* Your goal:
Omit the images, then output each of the records below exactly.

(Source data)
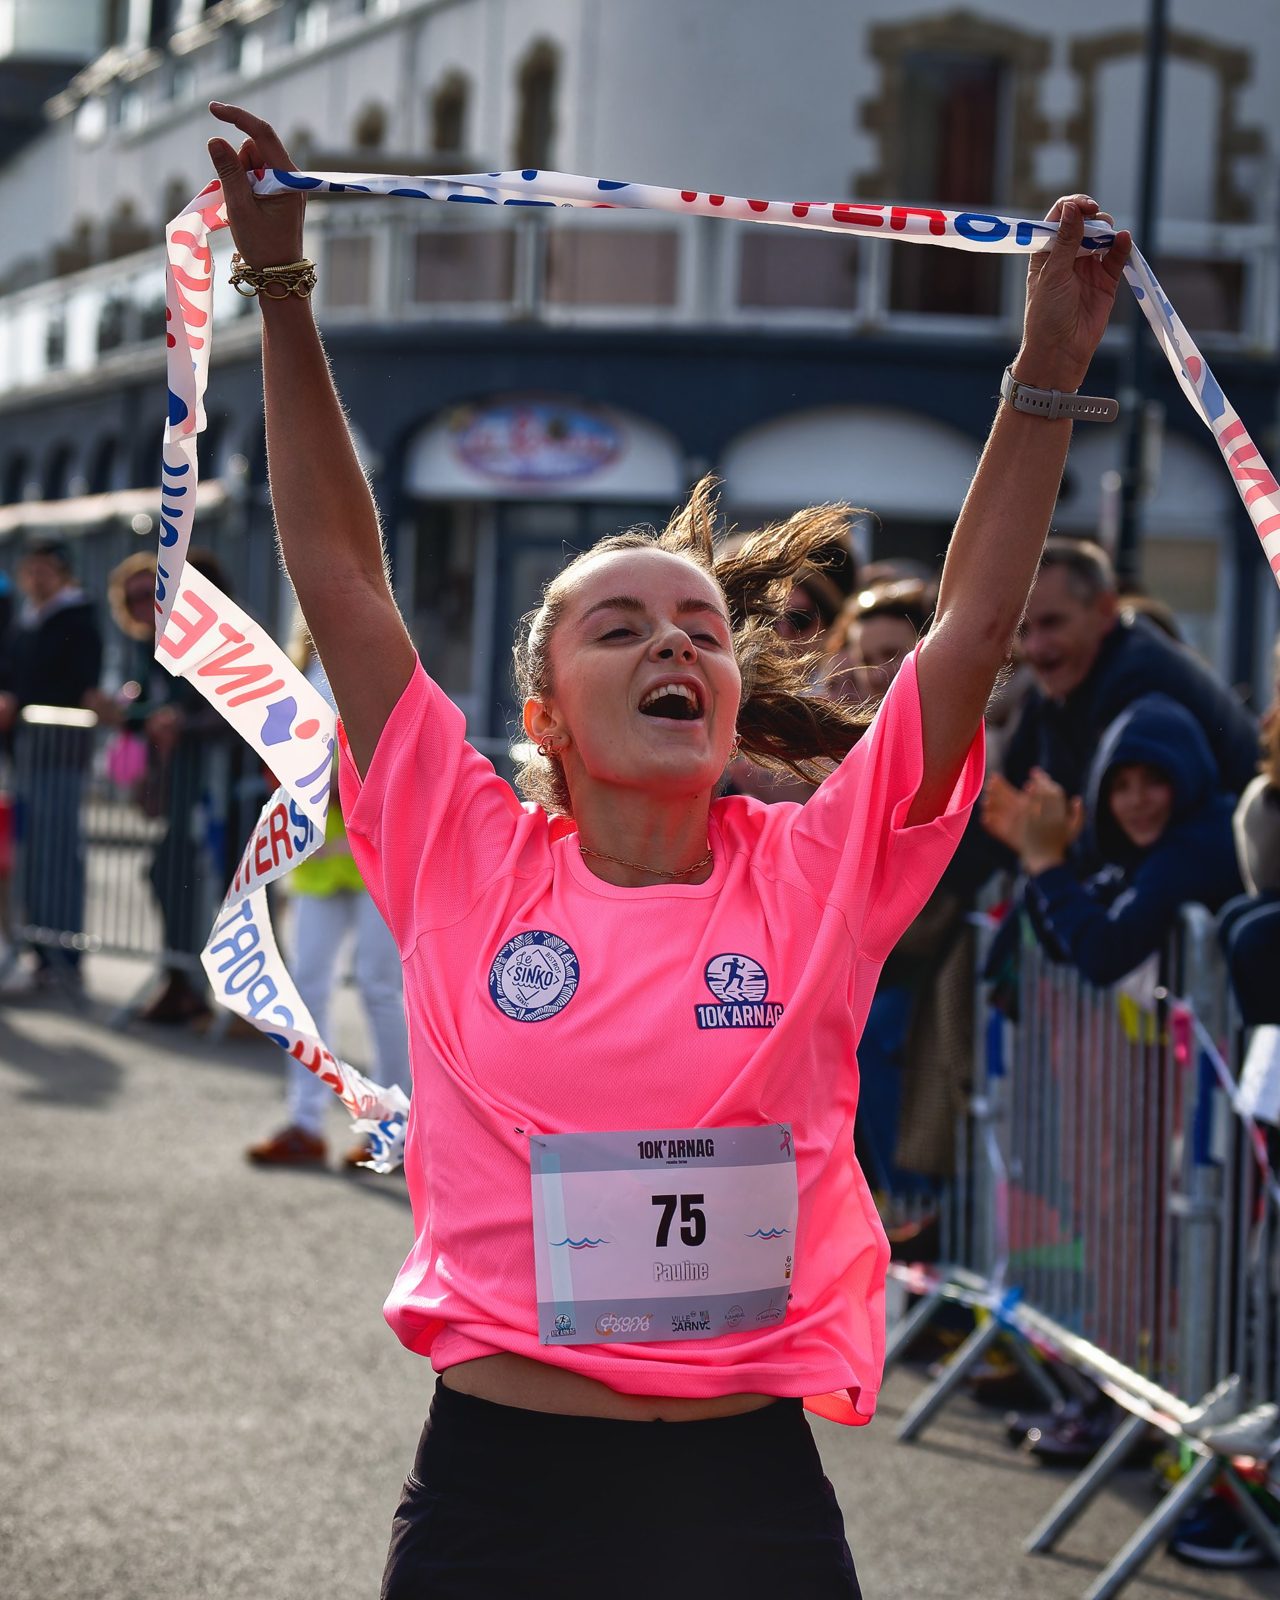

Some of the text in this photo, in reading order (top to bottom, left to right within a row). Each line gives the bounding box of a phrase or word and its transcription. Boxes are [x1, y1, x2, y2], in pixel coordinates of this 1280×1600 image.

[516, 951, 532, 967] Le
[545, 951, 561, 974] BISTROT
[513, 964, 554, 990] SINKO
[637, 1138, 715, 1160] 10K'ARNAG
[651, 1193, 707, 1248] 75
[653, 1261, 709, 1281] Pauline
[671, 1314, 691, 1323] VILLE
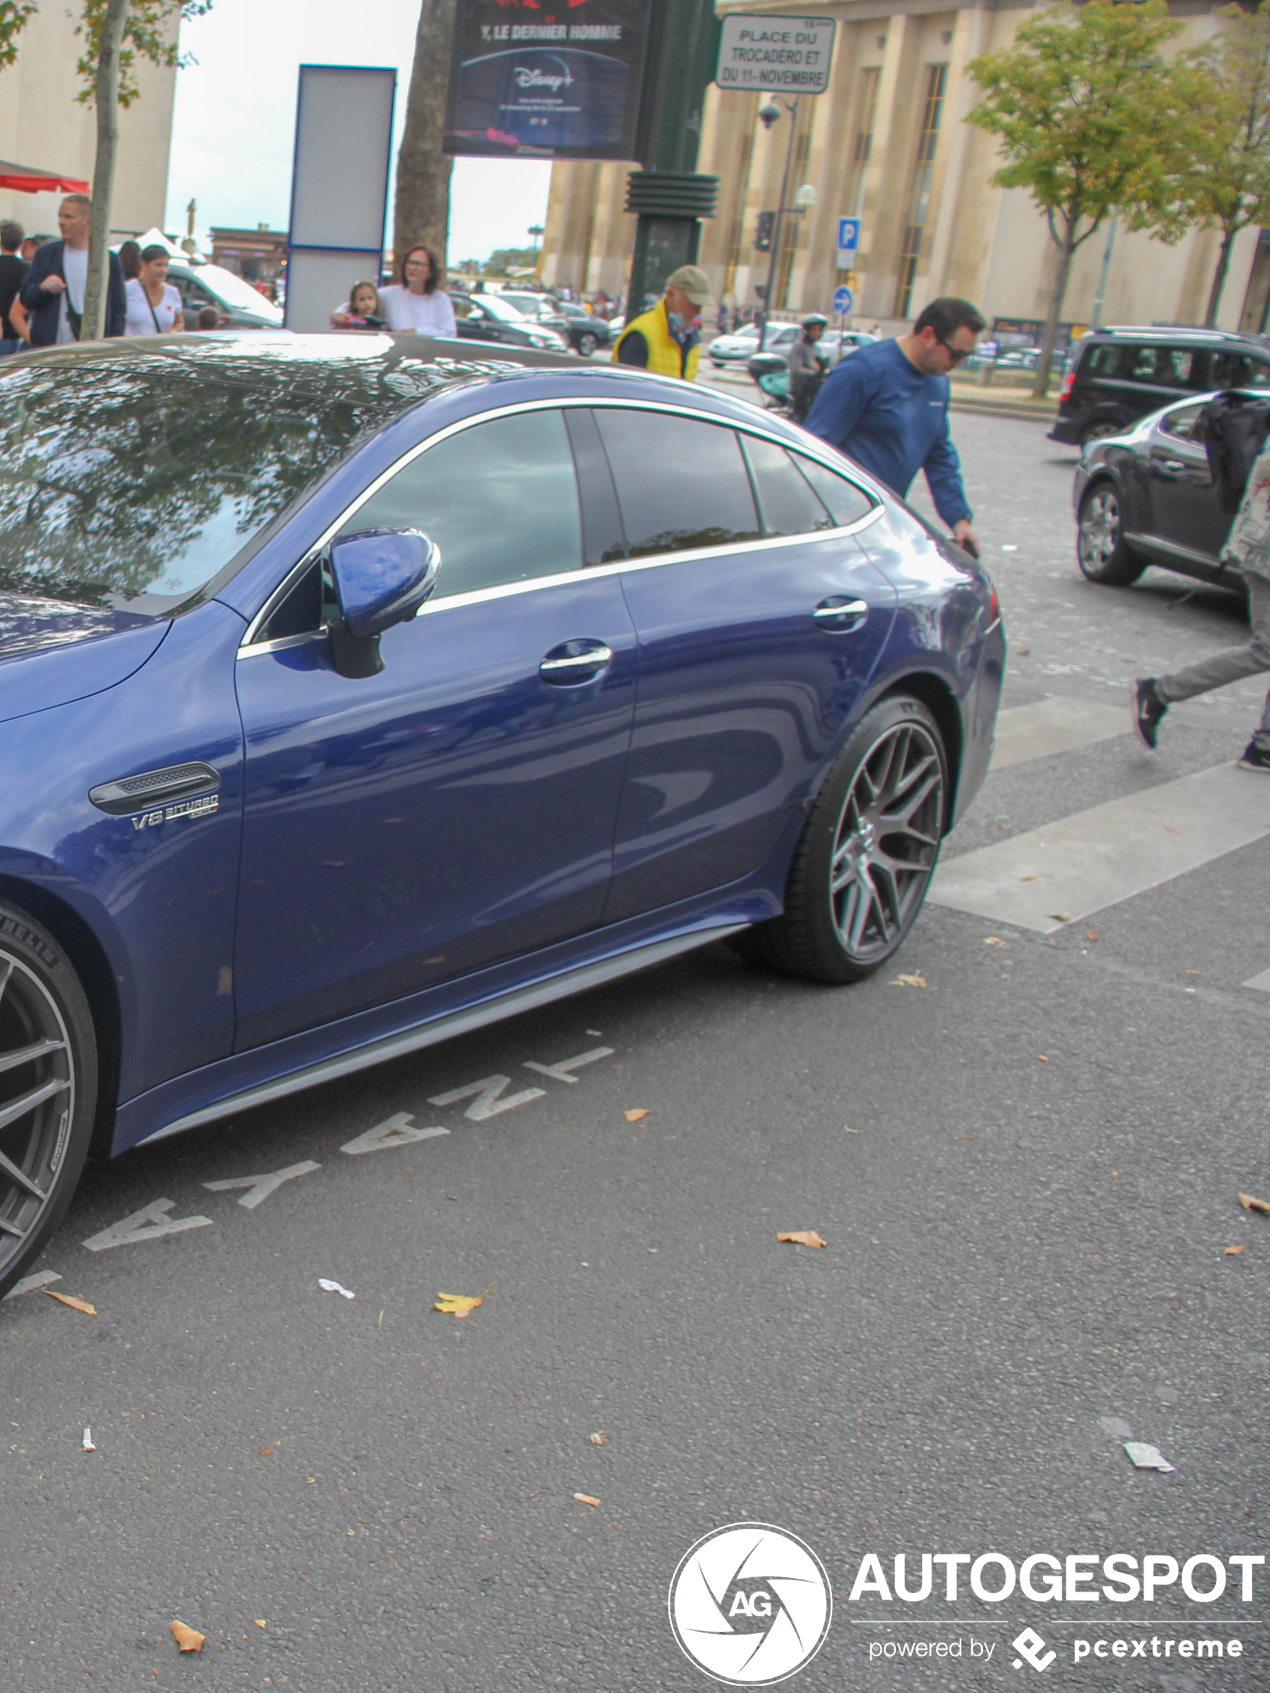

* Answer section:
Some of the text in this photo, in reading order (top to bottom, left to right within a row). Each line gives the bounding box of a phrase or word and its transcription. Boxes are [x1, y1, x2, y2], in pixel coordinates of this 1280×1600 image.

[516, 951, 532, 967] Le
[545, 951, 561, 974] BISTROT
[513, 964, 554, 990] SINKO
[637, 1138, 715, 1160] 10K'ARNAG
[651, 1193, 707, 1248] 75
[653, 1261, 709, 1281] Pauline
[671, 1314, 691, 1323] VILLE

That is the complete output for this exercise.